Segment Open

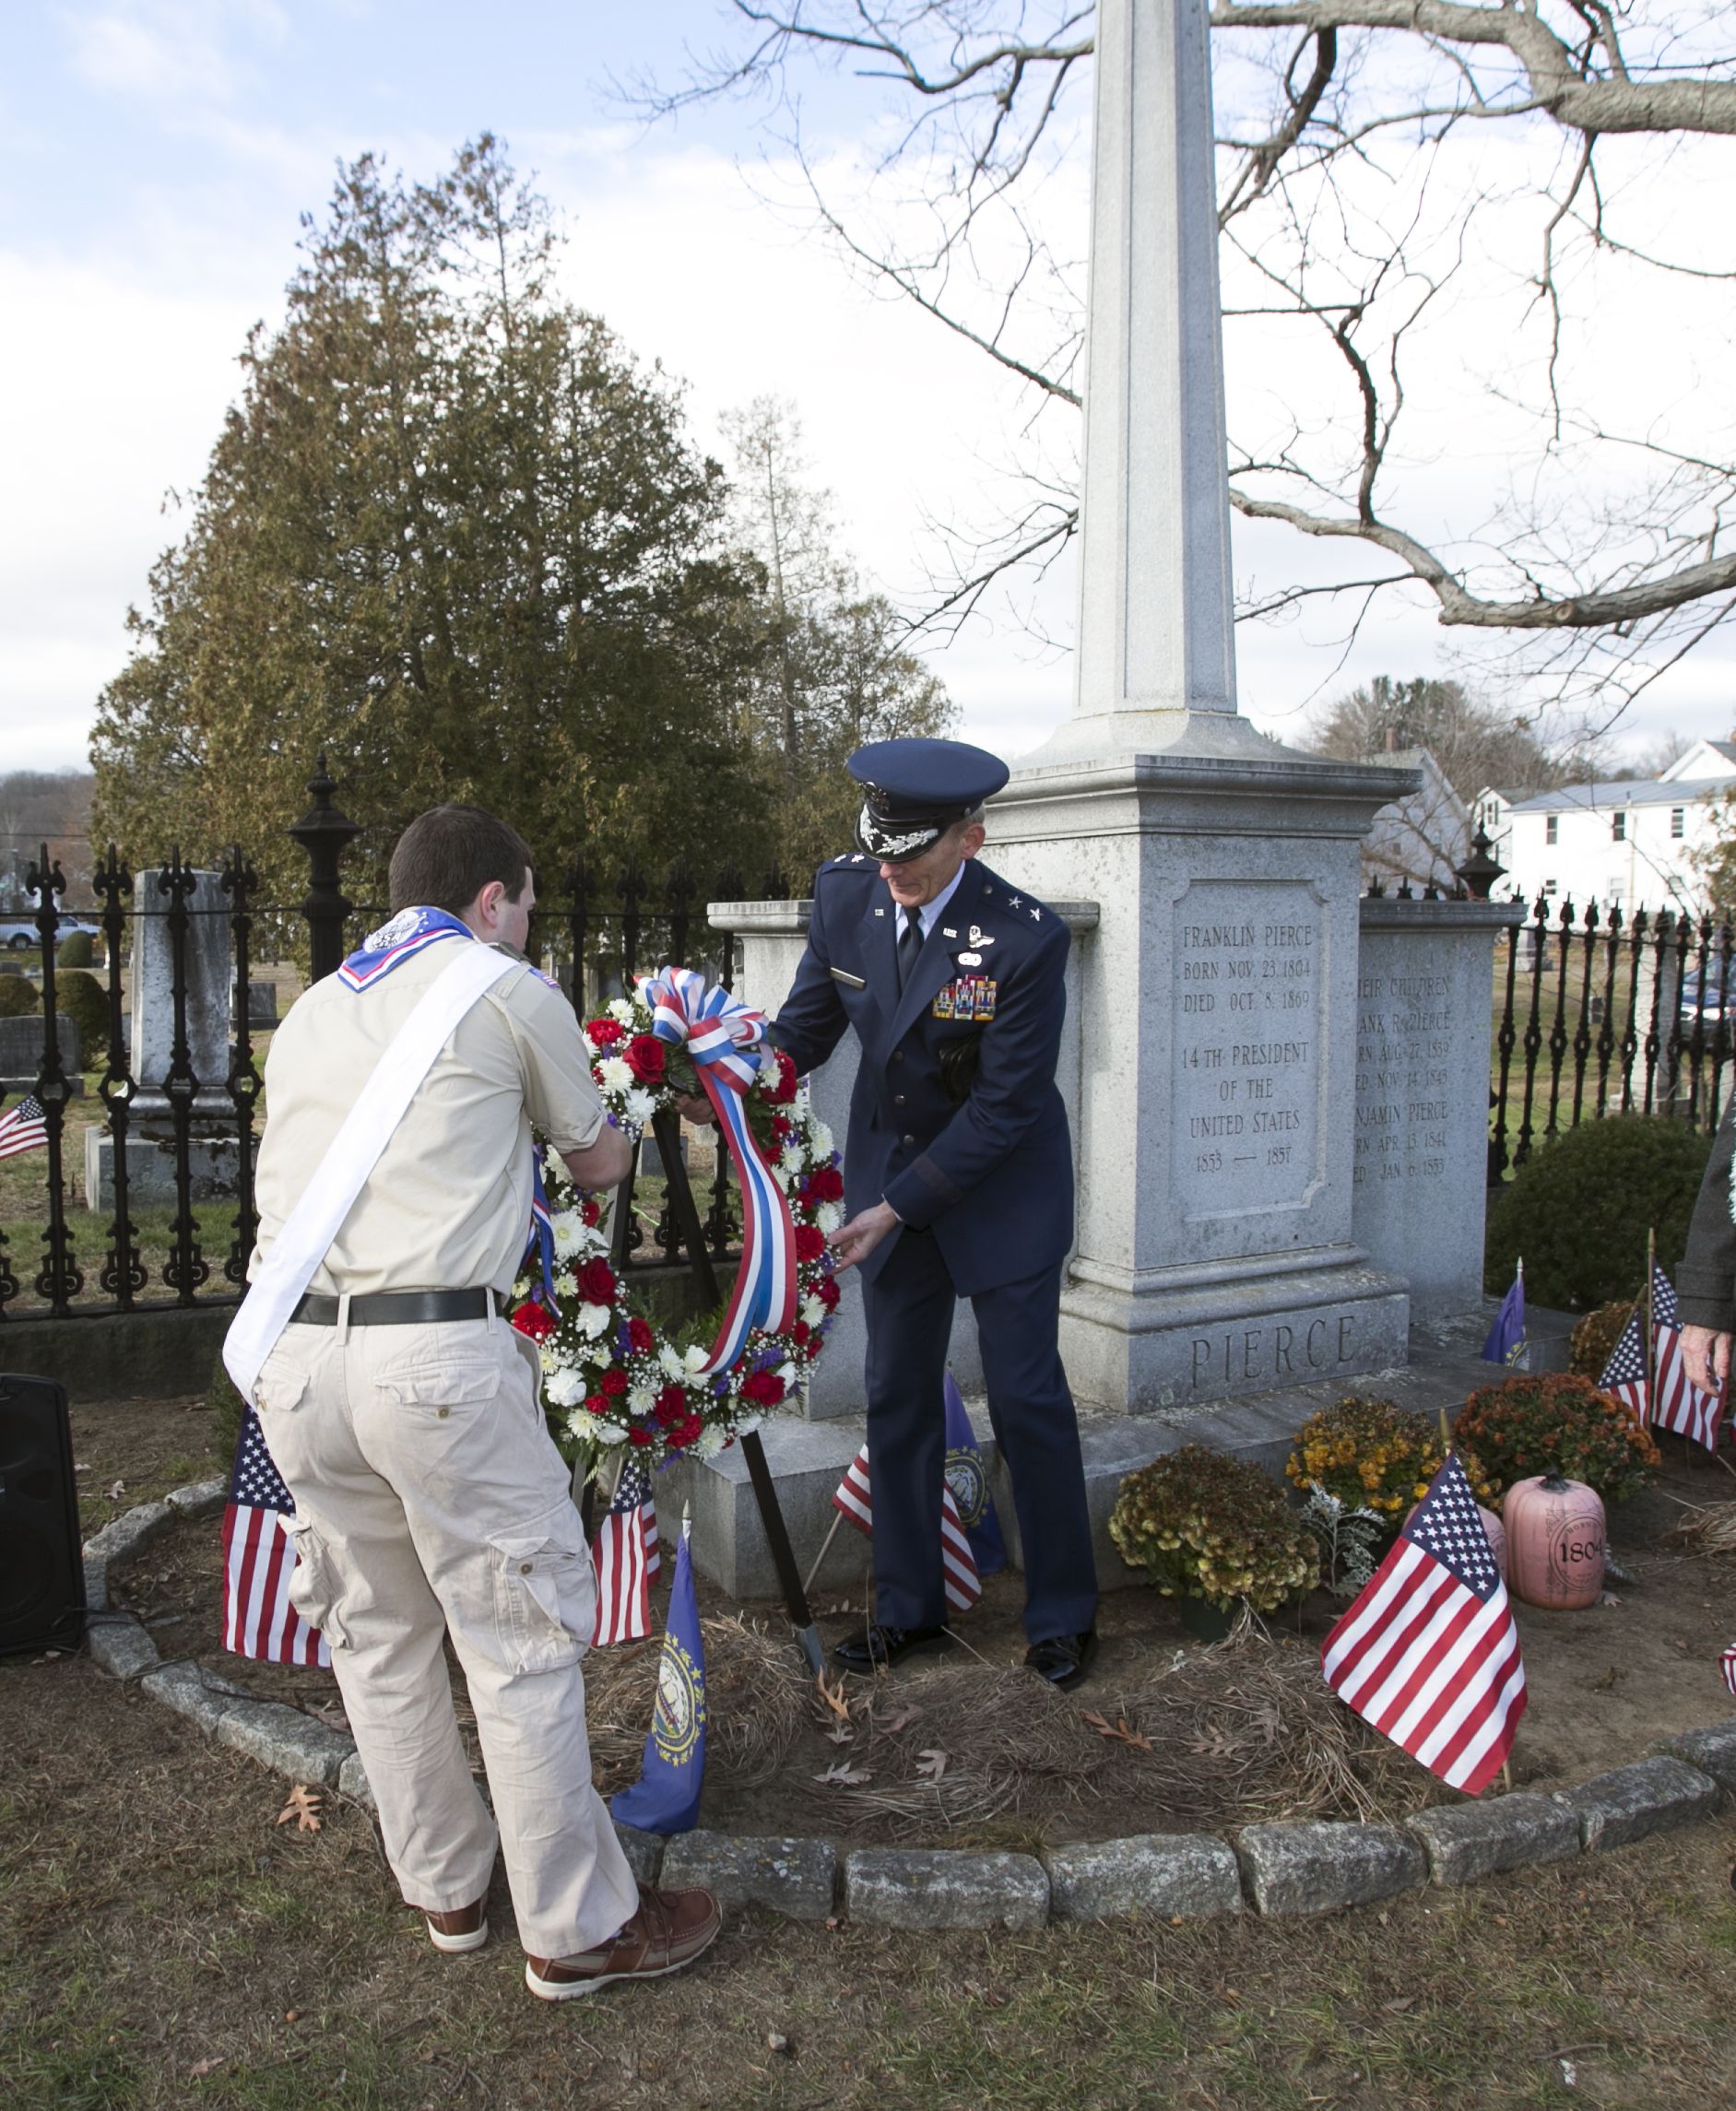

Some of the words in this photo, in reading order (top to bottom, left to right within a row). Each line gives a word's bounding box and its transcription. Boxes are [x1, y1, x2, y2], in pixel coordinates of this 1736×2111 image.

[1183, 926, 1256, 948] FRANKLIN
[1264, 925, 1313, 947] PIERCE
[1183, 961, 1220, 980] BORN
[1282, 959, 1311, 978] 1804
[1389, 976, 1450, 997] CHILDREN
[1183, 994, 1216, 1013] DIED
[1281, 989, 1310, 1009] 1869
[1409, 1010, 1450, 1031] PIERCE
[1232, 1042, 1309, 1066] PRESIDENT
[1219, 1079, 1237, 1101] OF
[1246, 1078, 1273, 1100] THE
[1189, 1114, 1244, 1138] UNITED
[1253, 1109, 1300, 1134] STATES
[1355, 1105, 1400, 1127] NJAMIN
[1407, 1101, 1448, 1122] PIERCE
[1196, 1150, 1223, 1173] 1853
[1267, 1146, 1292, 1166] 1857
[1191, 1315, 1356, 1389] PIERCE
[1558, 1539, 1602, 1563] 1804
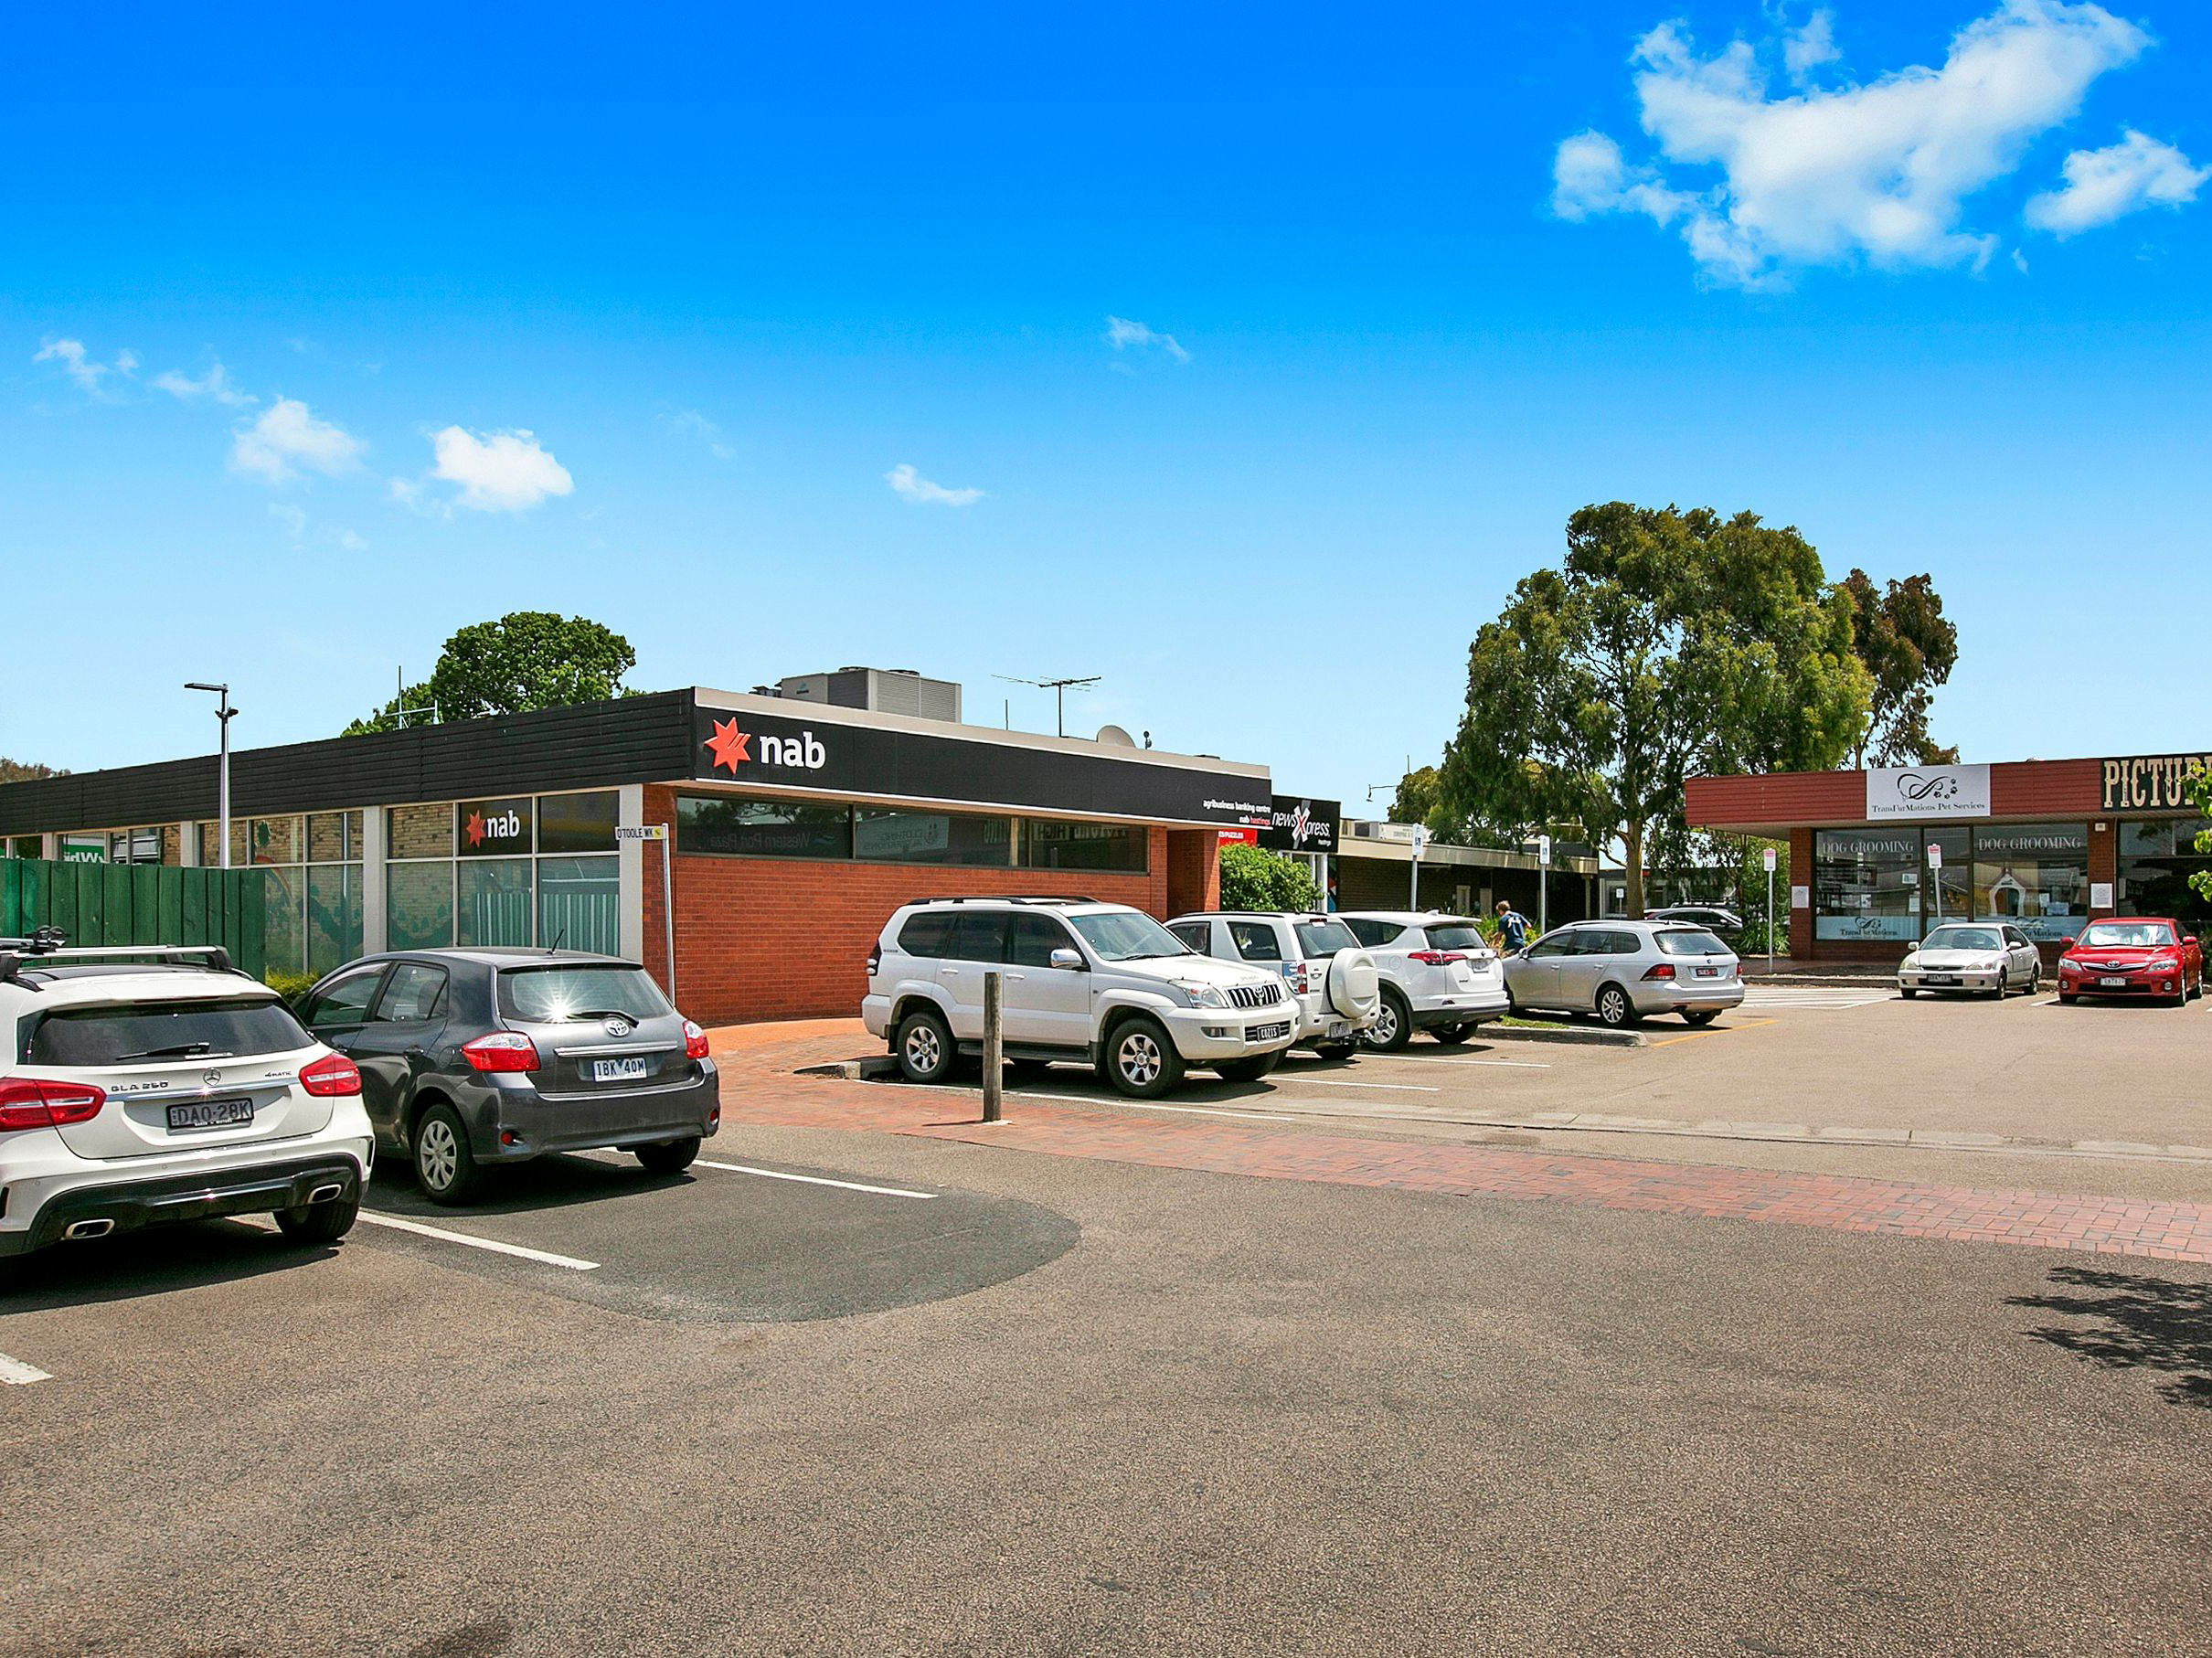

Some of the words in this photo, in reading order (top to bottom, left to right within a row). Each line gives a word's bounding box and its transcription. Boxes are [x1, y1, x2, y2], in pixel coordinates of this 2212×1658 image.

Segment Closed

YOUR GOAL :: Every record above must be copied exactly, and no picture may appear in the copy.

OUTPUT BELOW ::
Some of the words in this photo, in reading order (top to bottom, left to right within a row). Each line gives a word's bounding box and its transcription. Boxes are [x1, y1, x2, y2], in pixel coordinates of this 1736×2111 image.

[1183, 926, 1256, 948] FRANKLIN
[1264, 925, 1313, 947] PIERCE
[1183, 961, 1220, 980] BORN
[1282, 959, 1311, 978] 1804
[1389, 976, 1450, 997] CHILDREN
[1183, 994, 1216, 1013] DIED
[1281, 989, 1310, 1009] 1869
[1409, 1010, 1450, 1031] PIERCE
[1232, 1042, 1309, 1066] PRESIDENT
[1219, 1079, 1237, 1101] OF
[1246, 1078, 1273, 1100] THE
[1189, 1114, 1244, 1138] UNITED
[1253, 1109, 1300, 1134] STATES
[1355, 1105, 1400, 1127] NJAMIN
[1407, 1101, 1448, 1122] PIERCE
[1196, 1150, 1223, 1173] 1853
[1267, 1146, 1292, 1166] 1857
[1191, 1315, 1356, 1389] PIERCE
[1558, 1539, 1602, 1563] 1804

Some of the words in this photo, in reading order (top to bottom, left to right within a row). Each line gives a word's bounding box and its transcription. Boxes are [x1, y1, x2, y2], in pixel coordinates of this 2212×1658 image.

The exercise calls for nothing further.